The beginning step of the transcavernous sinus approach is the abrasion of the anterior bed process. In the case described above, we used an intradural approach rather than the epidural procedure used by other authors.1,2,4,16 The choice of intradural grinding of the anterior bed process is influenced by a number of factors. These factors include the possibility of intraoperative decisions regarding the need for further exposure, the ease and safety of the intradural procedure, and keeping the dura closed and airtight at the end of the procedure. The following is a discussion of these factors. The use of an intradural approach allows for the location of the basilar artery to be identified. If it is found that a transcavernous sinus approach is not required, abrasion of the anterior bed process can be avoided. If additional exposure is required, the amount of bone that can be abraded from the anterior bed process using the intradural approach is much less than that of the epidural approach. Moreover, because it can be performed under direct vision with important anatomic structures indicated, intradural grinding of the anterior bed prominence is easy to manage. These important structures include the intradural internal carotid artery, optic nerve, and anterior bed prominence. Because we have not found a higher complication rate using the intradural procedure, the dura is theoretically less obvious in protecting the intradural structures during posterior epidural bed process grinding16. Finally, the intradural approach to abrade the anterior bed prominence makes it easy to close the dura, which is densely impermeable and open only on the convex side of the brain. After the epidural procedure, Day and colleagues noted that a fascial graft to repair the dural gap may be essential.

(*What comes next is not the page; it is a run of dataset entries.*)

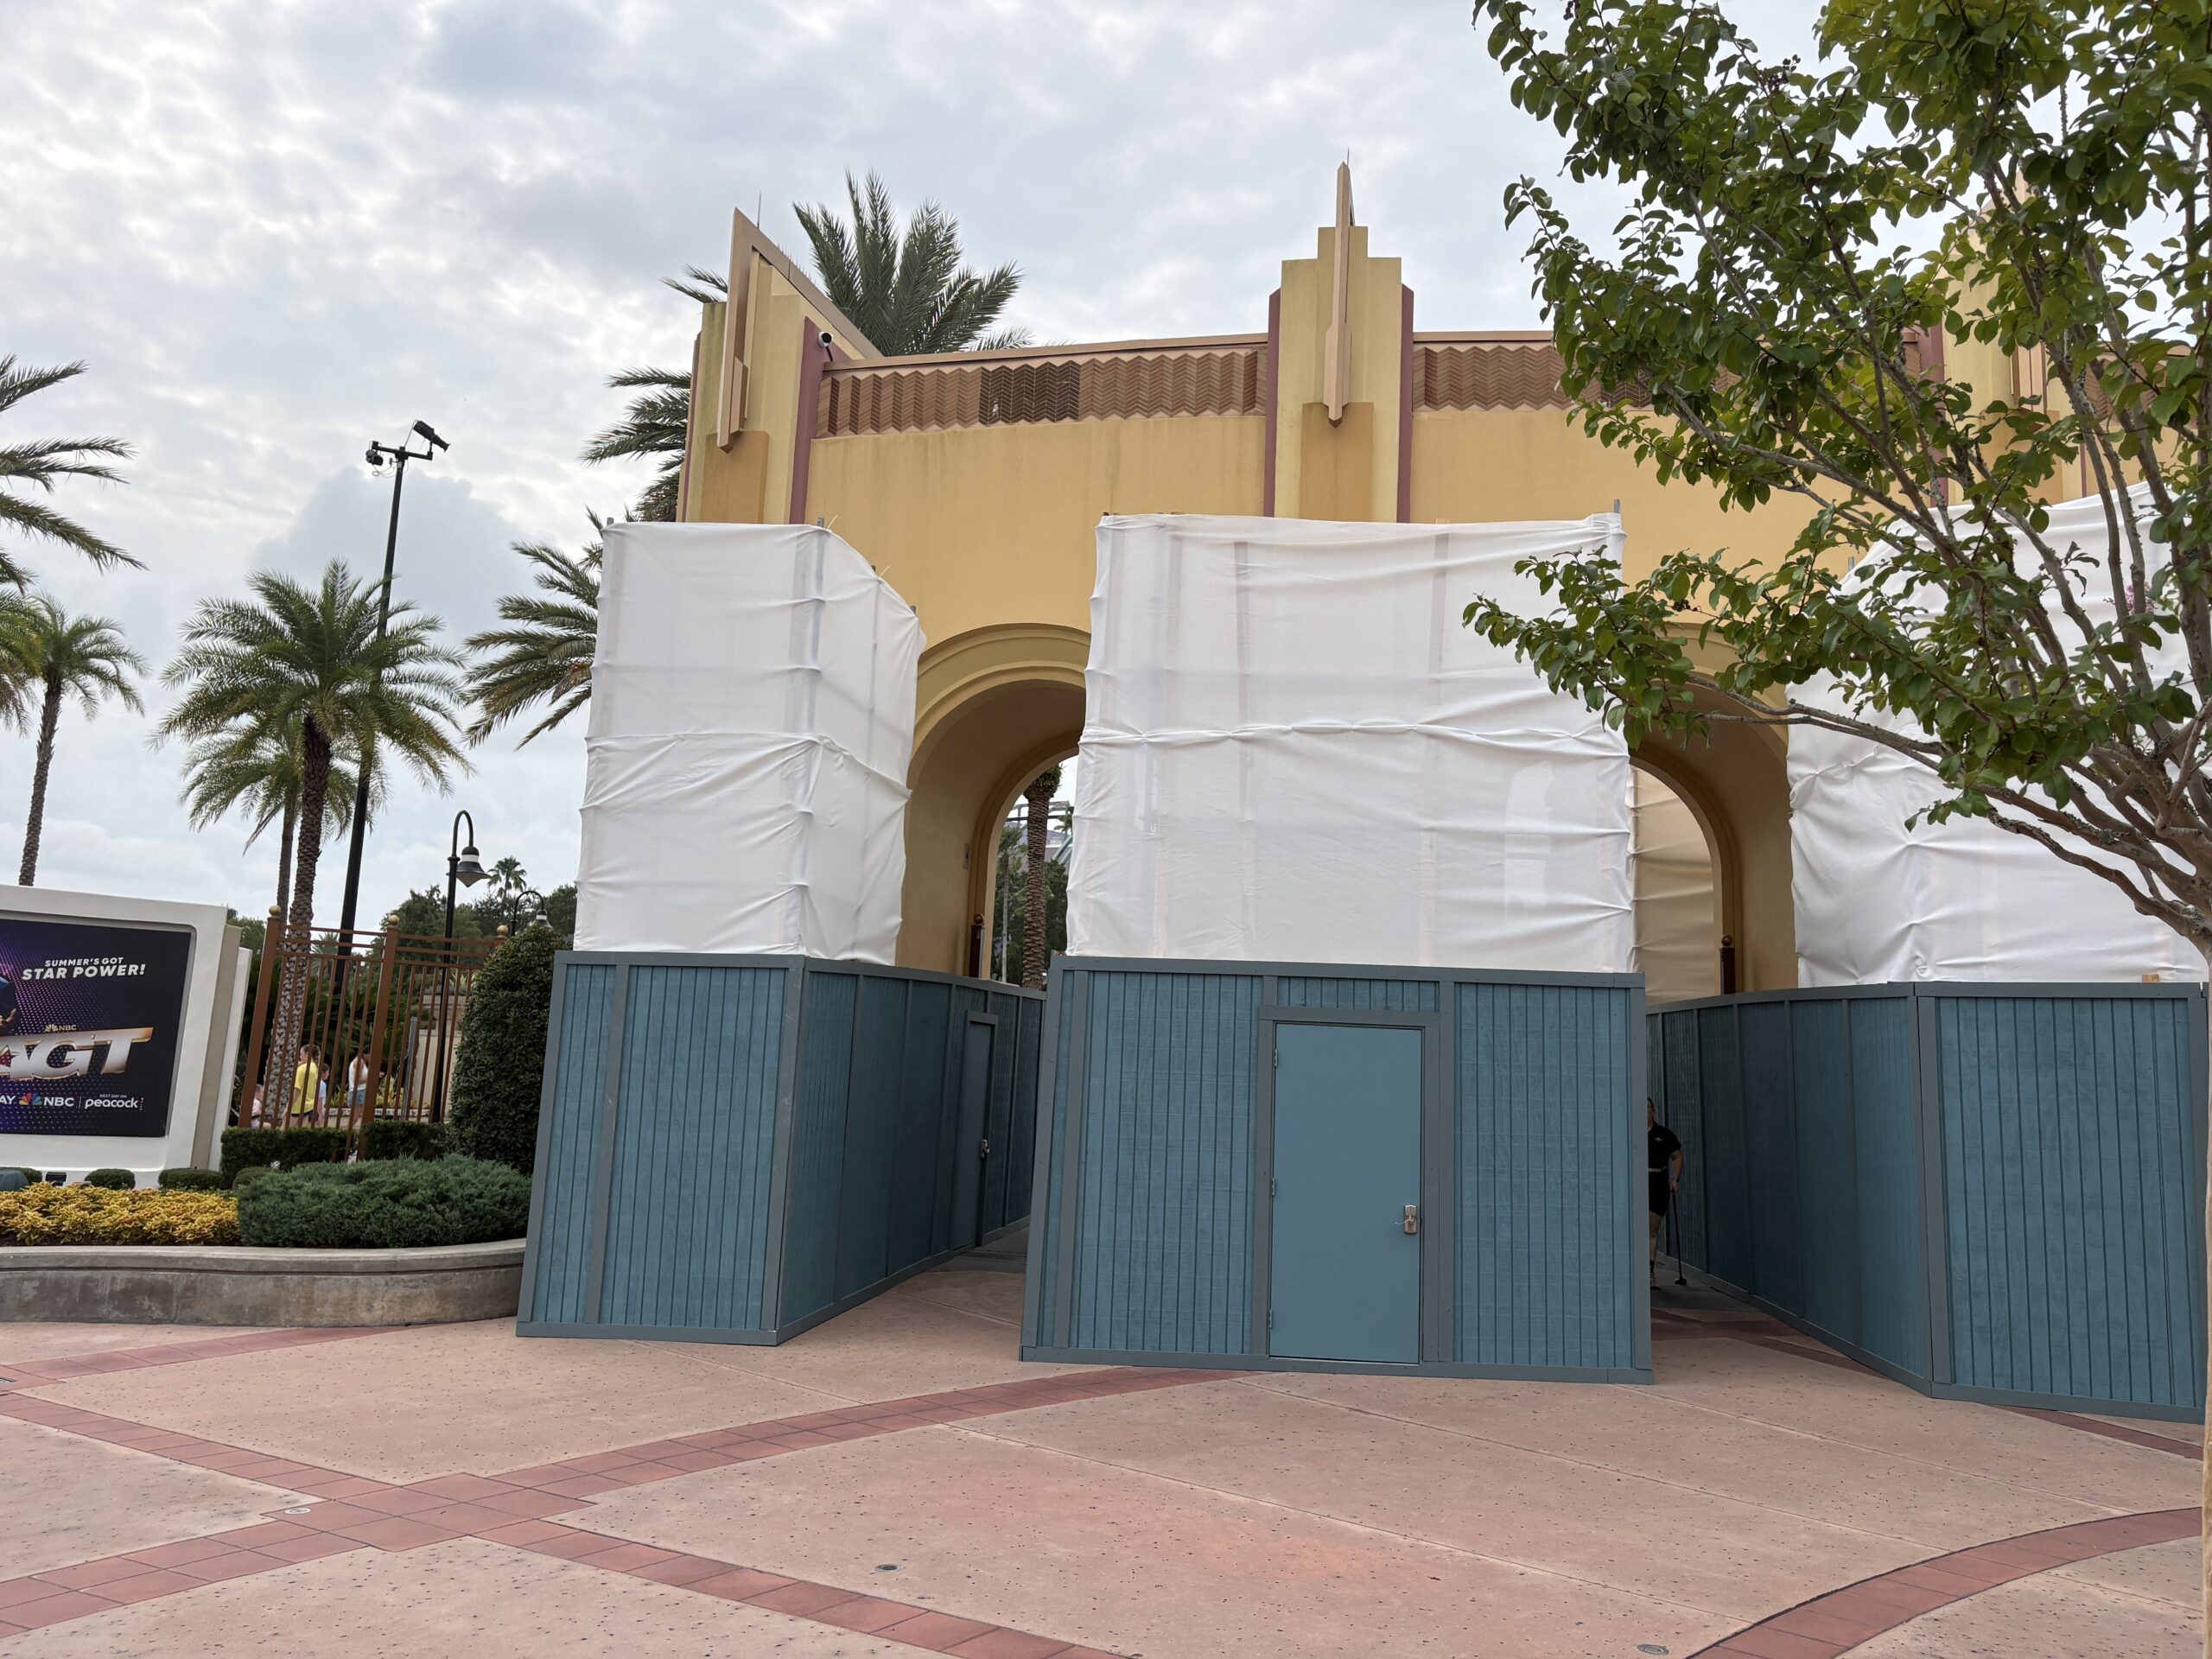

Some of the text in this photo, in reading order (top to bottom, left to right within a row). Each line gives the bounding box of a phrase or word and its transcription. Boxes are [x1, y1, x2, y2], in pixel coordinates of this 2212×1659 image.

[45, 957, 124, 967] SUMMER'S GOT
[22, 963, 146, 980] STAR POWER!
[43, 1096, 75, 1107] NBC
[85, 1096, 139, 1109] peacock
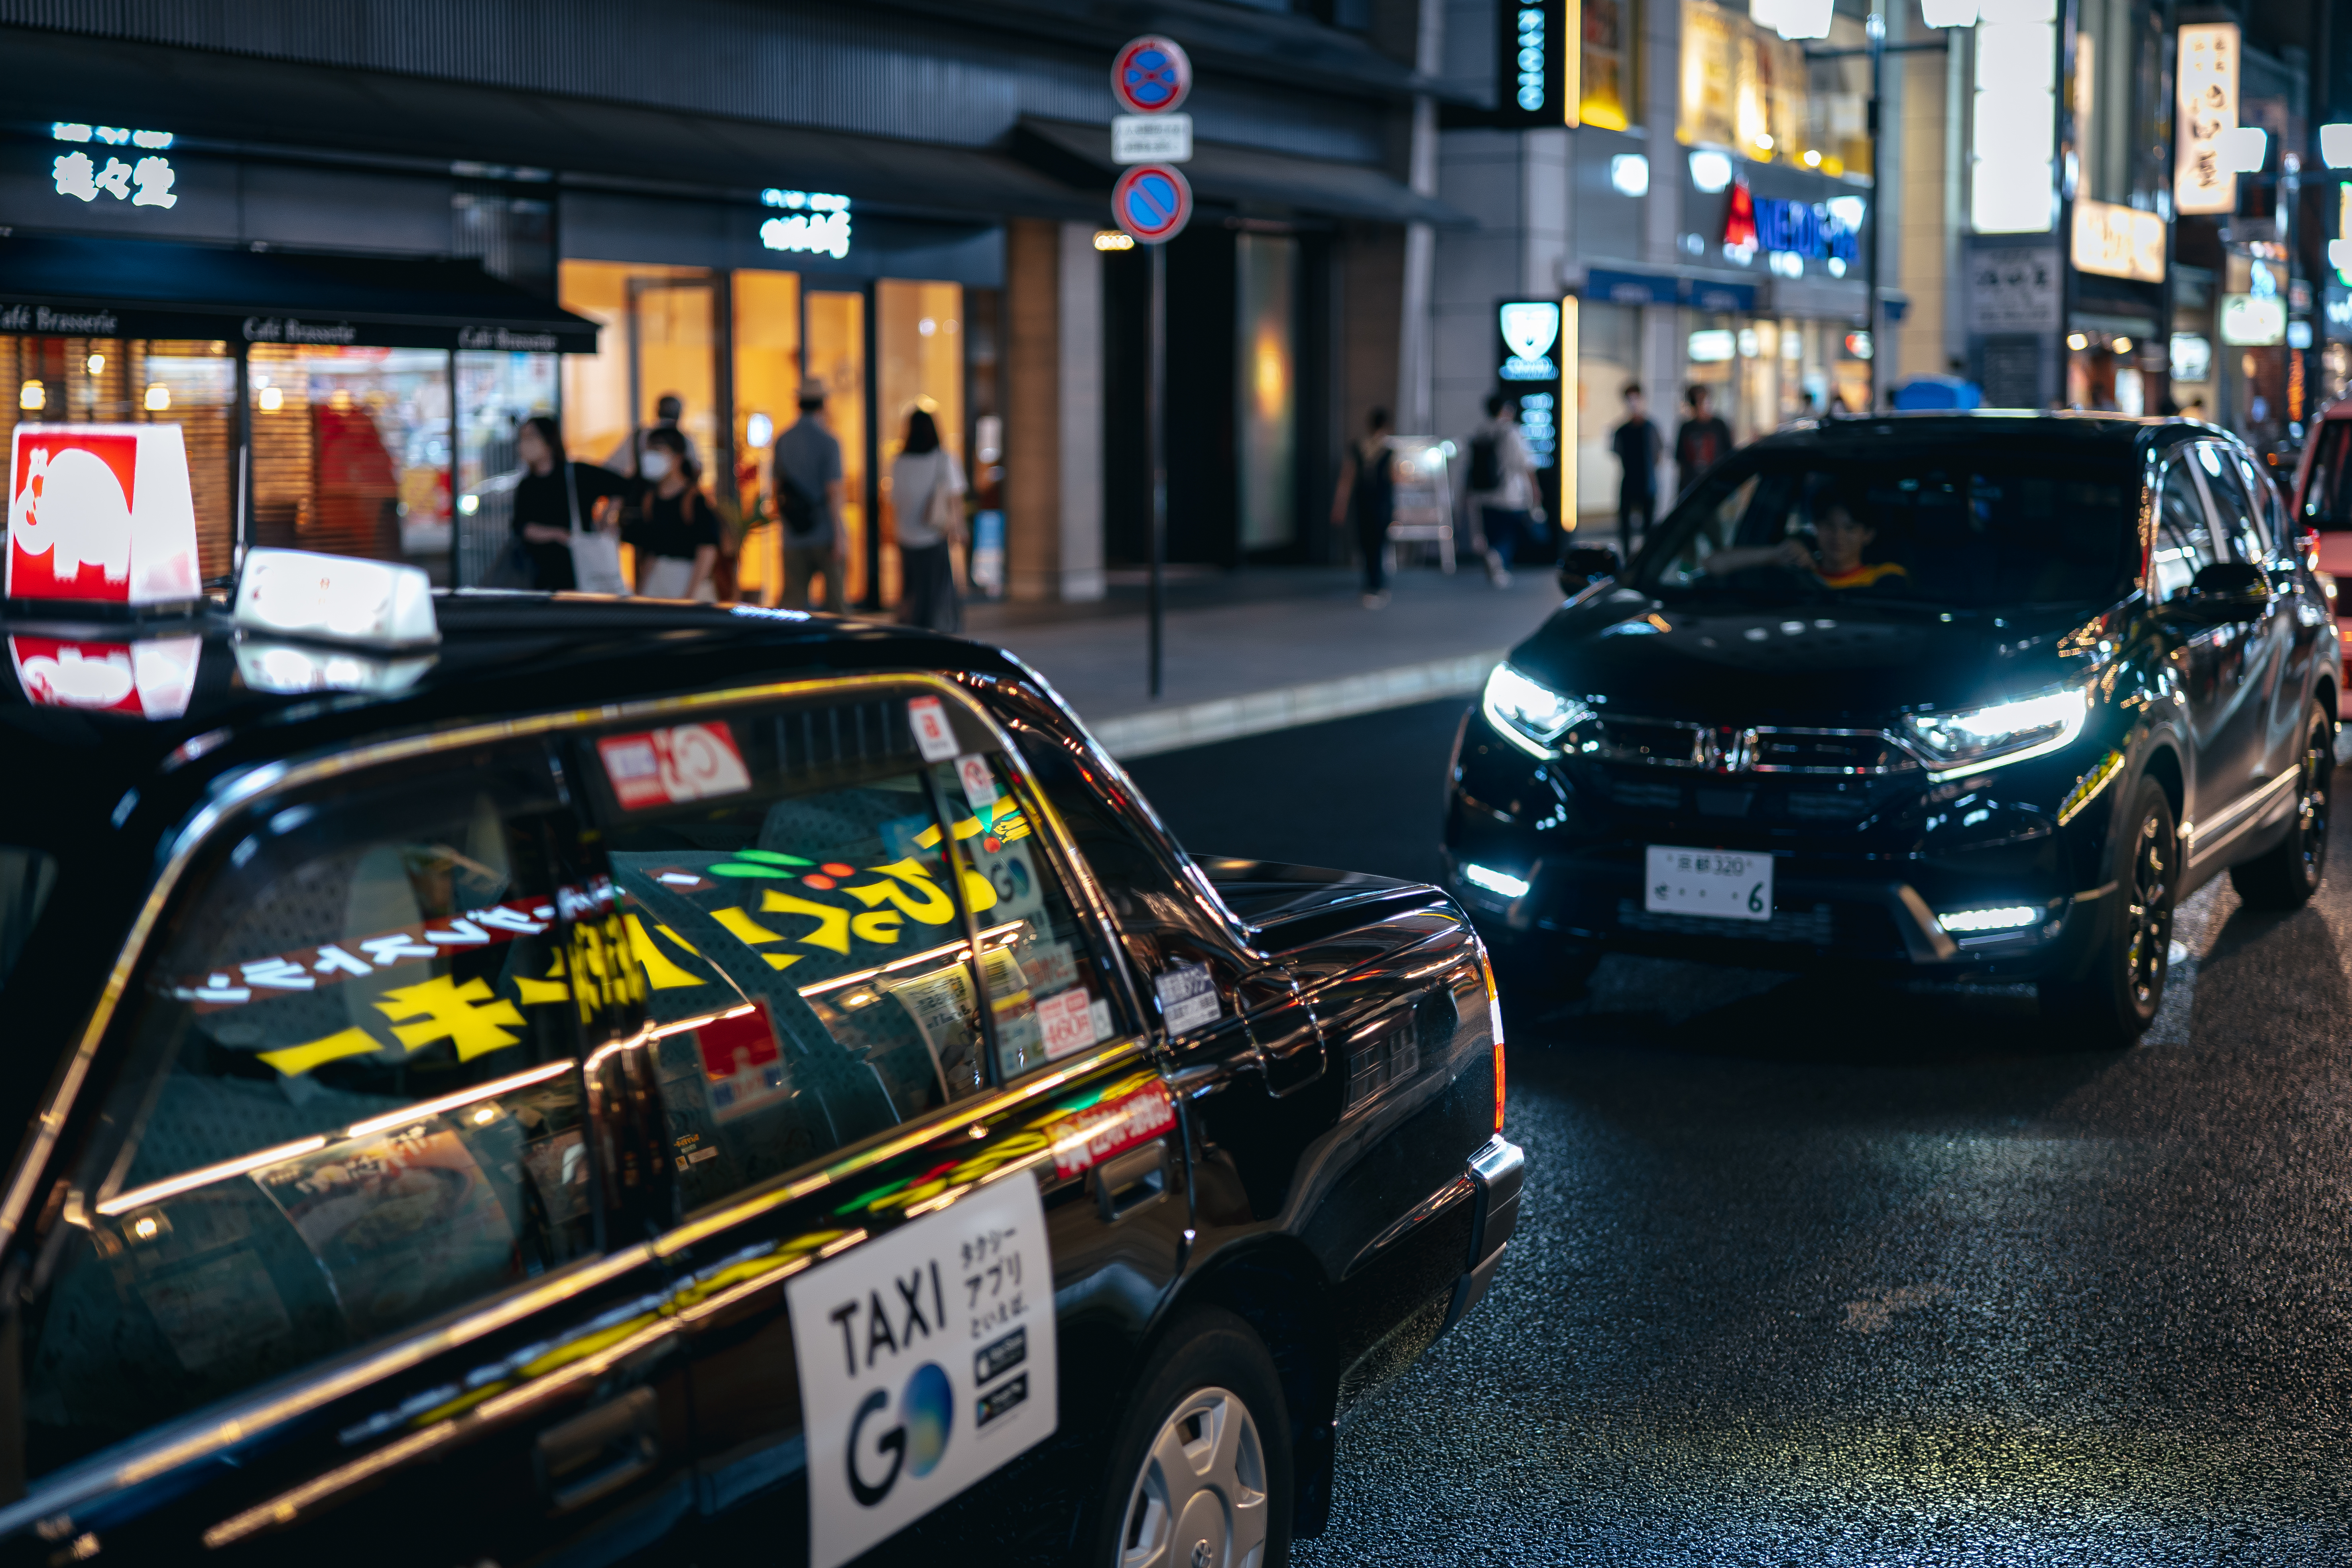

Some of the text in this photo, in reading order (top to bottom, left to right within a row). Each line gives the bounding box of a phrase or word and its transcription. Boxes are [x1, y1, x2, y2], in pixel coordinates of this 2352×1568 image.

[0, 304, 118, 334] afé Brasserie
[960, 1227, 1017, 1270] タクシー
[965, 1250, 1022, 1309] アプリ
[829, 1259, 947, 1378] TAXI
[844, 1360, 954, 1507] GO

Transient motoneural dysfunction occurred in 6 of our 8 patients during transconjunctival sinus surgery. dolenc et al4 reported 7 of 11 patients, while 3 of 10 patients by Day and colleagues1 occurred. The incidence did not exceed 506 in cases operated on using the standard pterygoid point approach,13,15 and the higher incidence in transconjunctival sinus surgery cases may be related to the increased manipulation of this nerve during removal of the top of the actinic canal.
Conclusion
Pterygoid point trans-lateral fissure trans-cavernous sinus access up to the end of the basilar artery may increase exposure at the level of the posterior bed process and its underlying vessels, and may also extend exposure at the level of the base of the pterygoid saddle. This increased exposure is most useful in the management of low basilar artery terminal aneurysms and those that are higher but require simultaneous temporary clamping of the proximal basilar artery. Aneurysms that were thought to be unreachable using the wing-point approach can be clamped with this technique. This technique makes it easier to expand the operative field compared to the standard pterygoid approach. It is unnecessary and unhelpful to sacrifice the bridging veins of the temporal lobe for the sake of visualization. Temporary postoperative ipsilateral arteriovenous nerve palsy is common in these cases.